[Text-to-region grounding data]
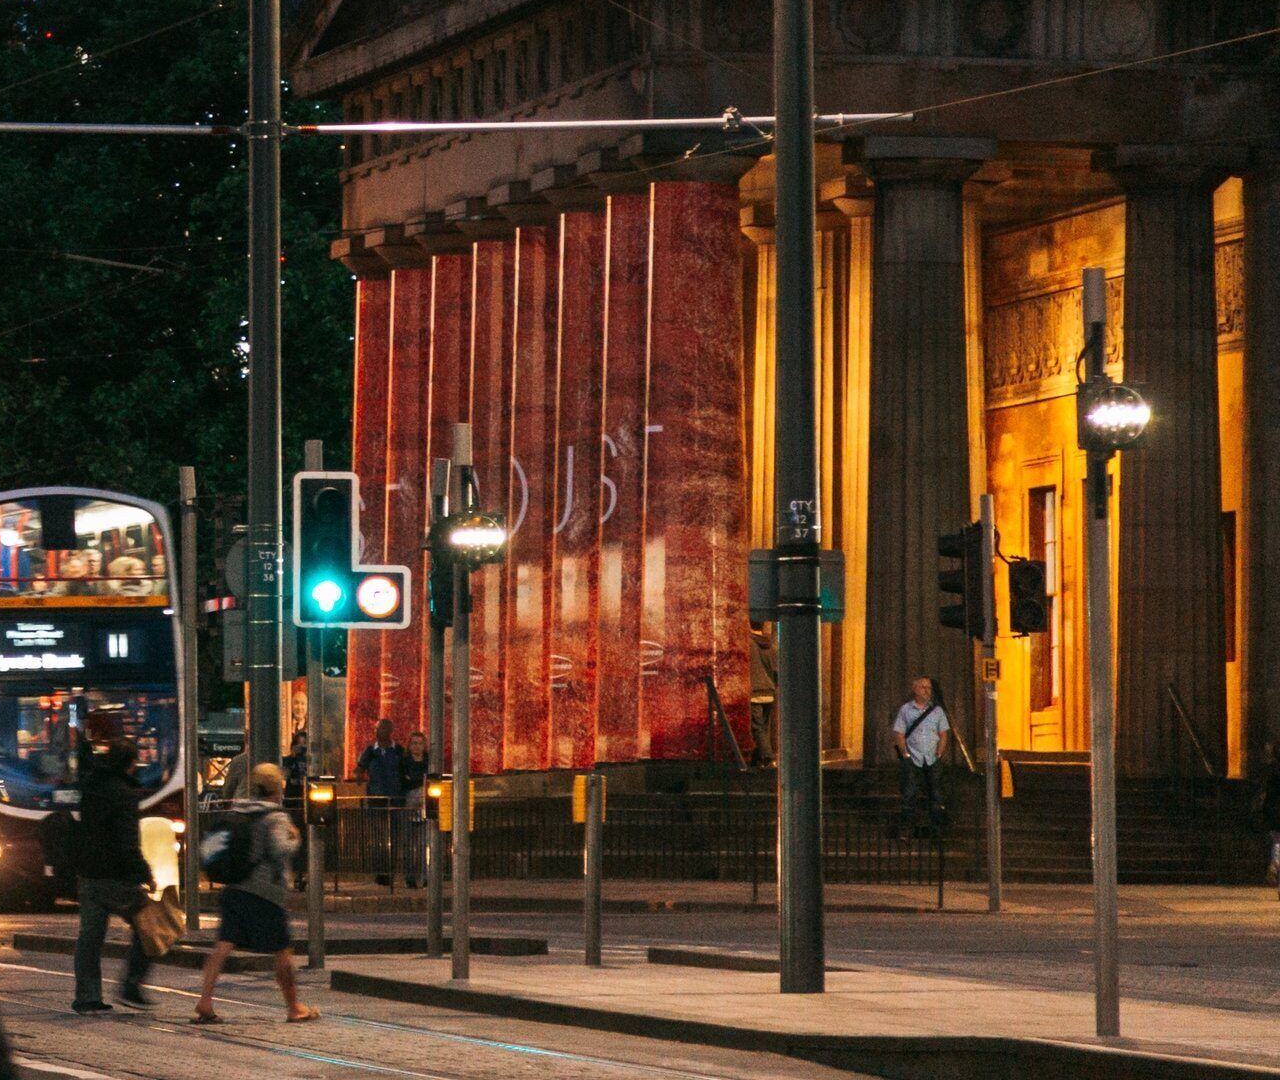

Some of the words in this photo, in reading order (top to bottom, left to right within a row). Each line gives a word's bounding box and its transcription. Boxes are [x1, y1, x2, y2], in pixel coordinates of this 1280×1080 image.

[790, 500, 812, 511] CTY
[794, 528, 809, 538] 37
[258, 551, 277, 560] CTY
[263, 562, 273, 571] 12
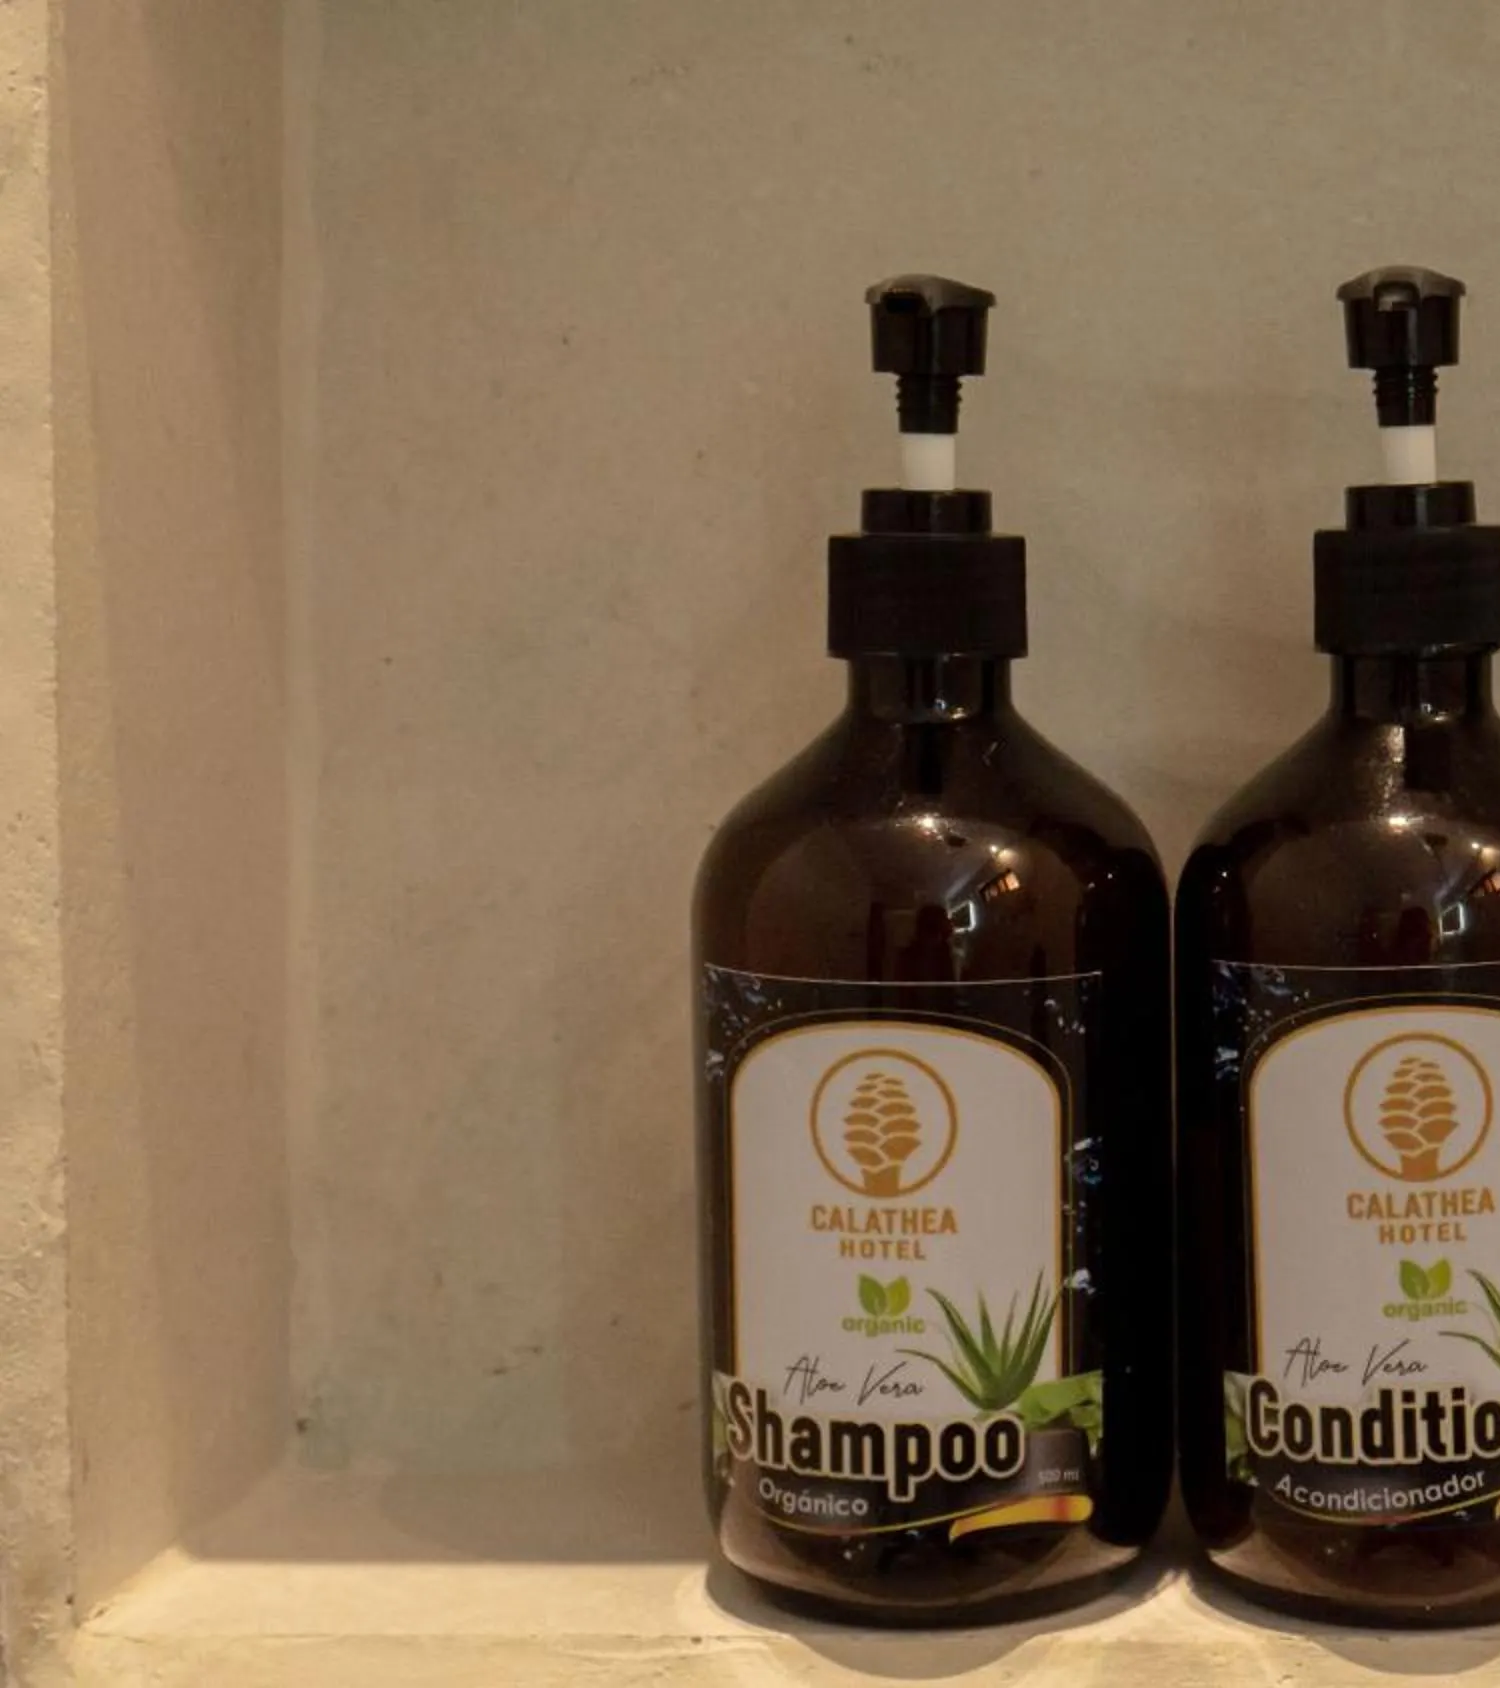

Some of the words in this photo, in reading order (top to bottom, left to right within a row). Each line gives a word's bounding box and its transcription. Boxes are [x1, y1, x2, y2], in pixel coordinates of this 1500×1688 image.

[809, 1204, 959, 1235] CALATHEA
[1347, 1187, 1495, 1220] CALATHEA
[839, 1239, 927, 1261] HOTEL
[1378, 1222, 1468, 1245] HOTEL
[841, 1313, 926, 1338] organic
[1382, 1297, 1468, 1322] organic
[1283, 1337, 1349, 1388] Aloe
[1361, 1338, 1429, 1386] Vera
[782, 1353, 845, 1405] Aloe
[857, 1361, 924, 1407] Vera
[725, 1378, 1027, 1502] Shampoo
[758, 1476, 869, 1517] Orgánico
[1274, 1470, 1486, 1513] Acondicionador

> [Your goal]
Print exactly the lines from the one with "this 1500×1688 image." through the end of the data, inclusive.

> [Response for this exercise]
Some of the words in this photo, in reading order (top to bottom, left to right within a row). Each line gives a word's bounding box and its transcription. Boxes are [x1, y1, x2, y2], in pixel coordinates of this 1500×1688 image.

[809, 1204, 959, 1235] CALATHEA
[1347, 1187, 1495, 1220] CALATHEA
[839, 1239, 927, 1261] HOTEL
[1378, 1222, 1468, 1245] HOTEL
[841, 1313, 926, 1338] organic
[1382, 1297, 1468, 1322] organic
[1283, 1337, 1349, 1388] Aloe
[1361, 1338, 1429, 1386] Vera
[782, 1353, 845, 1405] Aloe
[857, 1361, 924, 1407] Vera
[725, 1378, 1027, 1502] Shampoo
[758, 1476, 869, 1517] Orgánico
[1274, 1470, 1486, 1513] Acondicionador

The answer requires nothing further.